MILAN, Dec 12 (Reuters) – Discussions over new job contracts in Italy for Stellantis (STLA.MI), Ferrari (RACE.MI), CNH Industrial (CNHI.MI) and Iveco (IVG.MI) workers will be extended into January, a union representative said on Monday.
The UILM, FIM-CISL, Fismic, UGLM and AQCF metalworkers’ unions in October started talks to renew four-year contracts expiring at the end of 2022 for most Italian workers at the four groups, all descended from the former Fiat.
Among other things, unions are proposing a 8.4% annual wage rise for next year, to help workers recover purchasing power lost due to a Europe-wide spike in inflation.
Italian consumer price inflation hit an annual 12.5% in November.
The last of a series of scheduled meetings between the companies and the unions are being held on Monday and Tuesday.

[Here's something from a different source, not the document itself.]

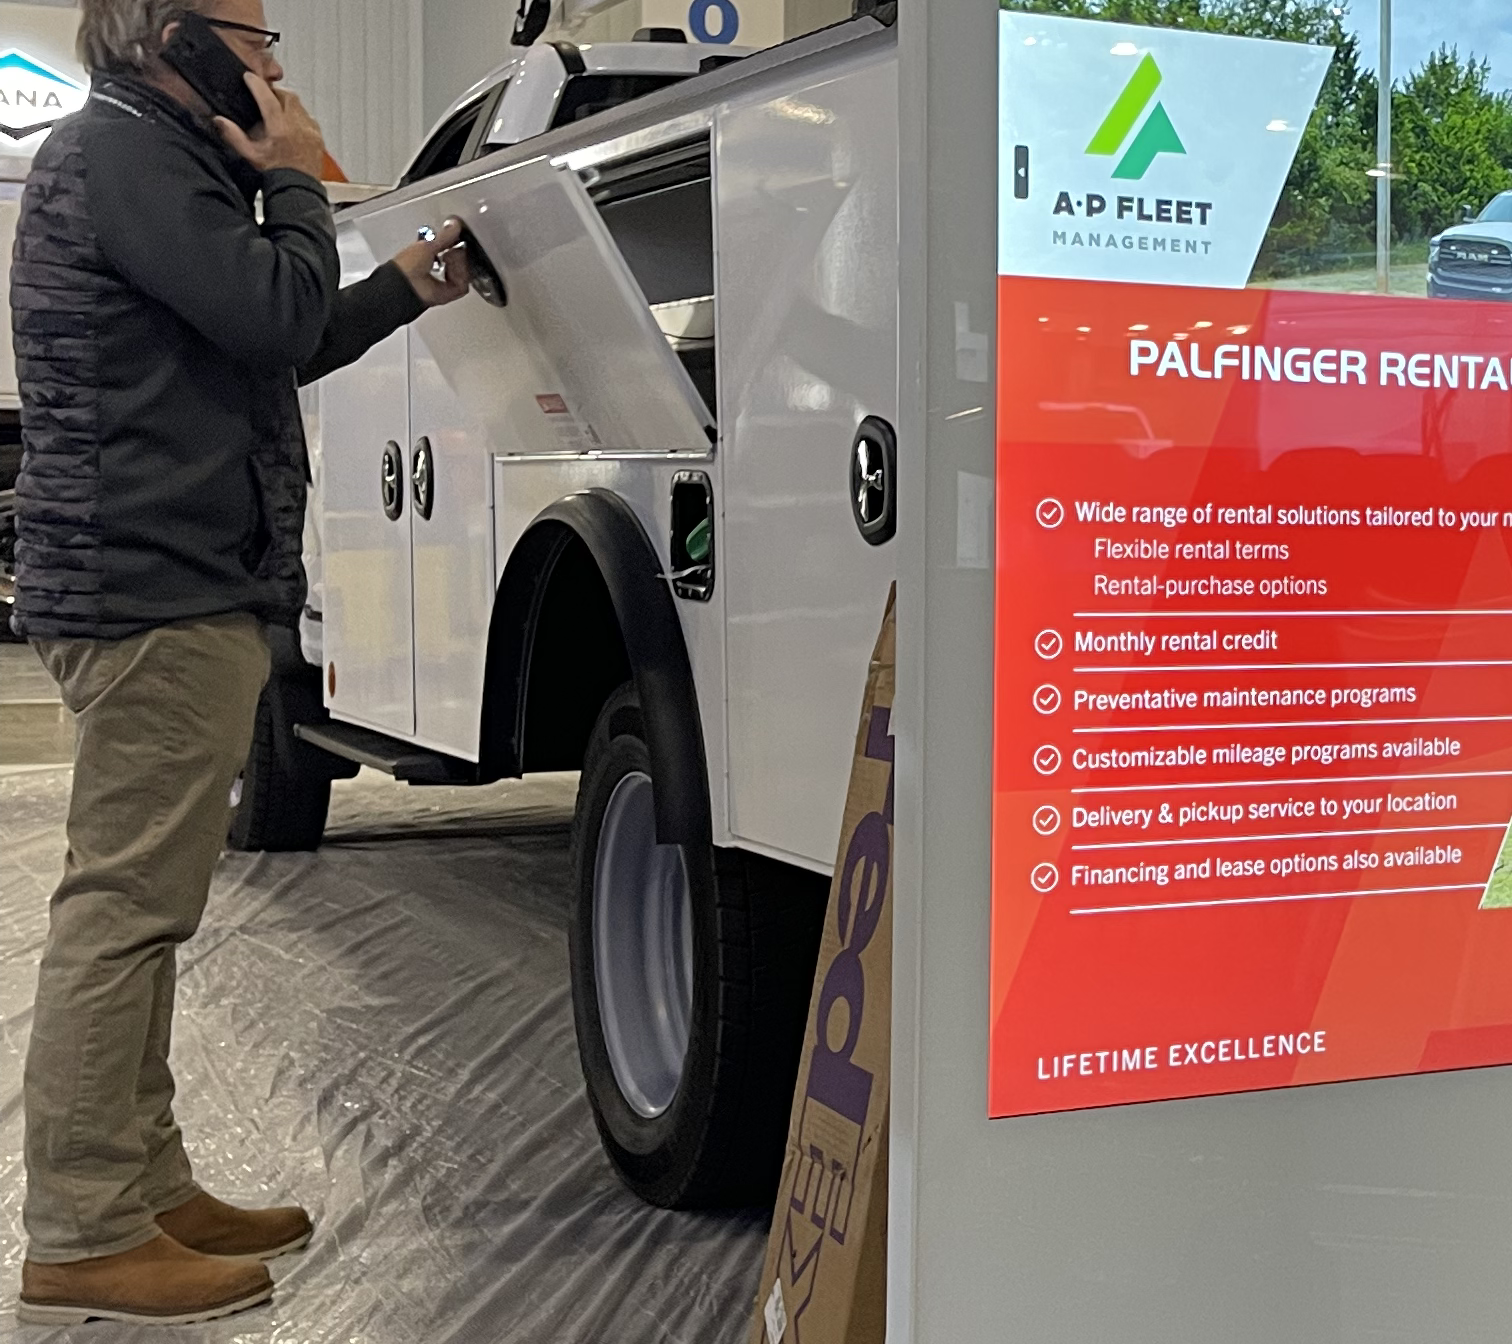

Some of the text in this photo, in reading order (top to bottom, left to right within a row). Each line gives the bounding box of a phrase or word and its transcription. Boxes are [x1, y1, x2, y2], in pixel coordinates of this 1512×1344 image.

Gianluca Ficco of the UILM union told Reuters talks would “predictably” continue next month.
“On Monday and on Tuesday we will continue negotiations on regulatory issues, including safety. After that we will deal with issues including proposed salary increases,” Ficco said.
A Stellantis spokesperson said the company had no further comment.
The new contracts would cover almost 70,000 workers in Italy, two thirds of them at the former Fiat-Chrysler, which last year merged with France’s PSA to create Stellantis, whose brands also include Peugeot, Jeep and Opel.
Leftist FIOM, one of Italy’s largest metalworkers’ organisations, has not joined talks with other unions and is holding separate contract discussions.
Later on Monday, it said the four groups had responded negatively to its proposals, which include a one-off bonus for workers worth one month’s salary.
FIOM will call for a series of actions, including some hours of strikes to be arranged plant by plant, its automotive industry head Simone Marinelli said in a statement.
Stellantis was not immediately reachable for a comment on this.
The group is also involved in salary talks for its workers in France, offering a 5.3% pay rise compared with requests from local unions for increases of 7.3% to 8.5%.